Instructions to follow: Would you set down every entry again, exactly as written?

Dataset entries
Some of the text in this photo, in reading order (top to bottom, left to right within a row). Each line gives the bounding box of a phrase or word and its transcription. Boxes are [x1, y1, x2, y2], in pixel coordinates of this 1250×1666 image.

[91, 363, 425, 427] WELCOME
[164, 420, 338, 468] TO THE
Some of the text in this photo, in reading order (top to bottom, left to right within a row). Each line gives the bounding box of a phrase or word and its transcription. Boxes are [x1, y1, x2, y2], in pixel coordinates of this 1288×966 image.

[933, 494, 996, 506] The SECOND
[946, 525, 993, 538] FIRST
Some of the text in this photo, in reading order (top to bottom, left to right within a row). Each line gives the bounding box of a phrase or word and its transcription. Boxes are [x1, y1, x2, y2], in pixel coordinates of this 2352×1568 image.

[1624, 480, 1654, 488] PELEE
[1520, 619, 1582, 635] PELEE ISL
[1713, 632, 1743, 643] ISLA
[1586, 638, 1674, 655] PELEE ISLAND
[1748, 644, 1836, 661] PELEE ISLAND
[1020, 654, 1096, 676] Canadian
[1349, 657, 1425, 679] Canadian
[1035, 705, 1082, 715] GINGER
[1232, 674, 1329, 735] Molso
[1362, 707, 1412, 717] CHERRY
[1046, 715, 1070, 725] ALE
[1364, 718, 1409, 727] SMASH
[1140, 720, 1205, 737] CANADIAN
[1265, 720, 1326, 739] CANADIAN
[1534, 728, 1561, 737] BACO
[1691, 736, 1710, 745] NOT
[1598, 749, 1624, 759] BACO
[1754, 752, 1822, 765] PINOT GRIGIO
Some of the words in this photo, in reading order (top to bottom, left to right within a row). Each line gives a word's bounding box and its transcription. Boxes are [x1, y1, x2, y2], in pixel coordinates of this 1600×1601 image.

Exercise output:
Some of the text in this photo, in reading order (top to bottom, left to right within a row). Each line gives the bounding box of a phrase or word and its transcription. Boxes are [x1, y1, x2, y2], in pixel coordinates of this 1250×1666 image.

[91, 363, 425, 427] WELCOME
[164, 420, 338, 468] TO THE
Some of the text in this photo, in reading order (top to bottom, left to right within a row). Each line gives the bounding box of a phrase or word and its transcription. Boxes are [x1, y1, x2, y2], in pixel coordinates of this 1288×966 image.

[933, 494, 996, 506] The SECOND
[946, 525, 993, 538] FIRST
Some of the text in this photo, in reading order (top to bottom, left to right within a row). Each line gives the bounding box of a phrase or word and its transcription. Boxes are [x1, y1, x2, y2], in pixel coordinates of this 2352×1568 image.

[1624, 480, 1654, 488] PELEE
[1520, 619, 1582, 635] PELEE ISL
[1713, 632, 1743, 643] ISLA
[1586, 638, 1674, 655] PELEE ISLAND
[1748, 644, 1836, 661] PELEE ISLAND
[1020, 654, 1096, 676] Canadian
[1349, 657, 1425, 679] Canadian
[1035, 705, 1082, 715] GINGER
[1232, 674, 1329, 735] Molso
[1362, 707, 1412, 717] CHERRY
[1046, 715, 1070, 725] ALE
[1364, 718, 1409, 727] SMASH
[1140, 720, 1205, 737] CANADIAN
[1265, 720, 1326, 739] CANADIAN
[1534, 728, 1561, 737] BACO
[1691, 736, 1710, 745] NOT
[1598, 749, 1624, 759] BACO
[1754, 752, 1822, 765] PINOT GRIGIO
Some of the words in this photo, in reading order (top to bottom, left to right within a row). Each line gives a word's bounding box and its transcription. Boxes are [x1, y1, x2, y2], in pixel coordinates of this 1600×1601 image.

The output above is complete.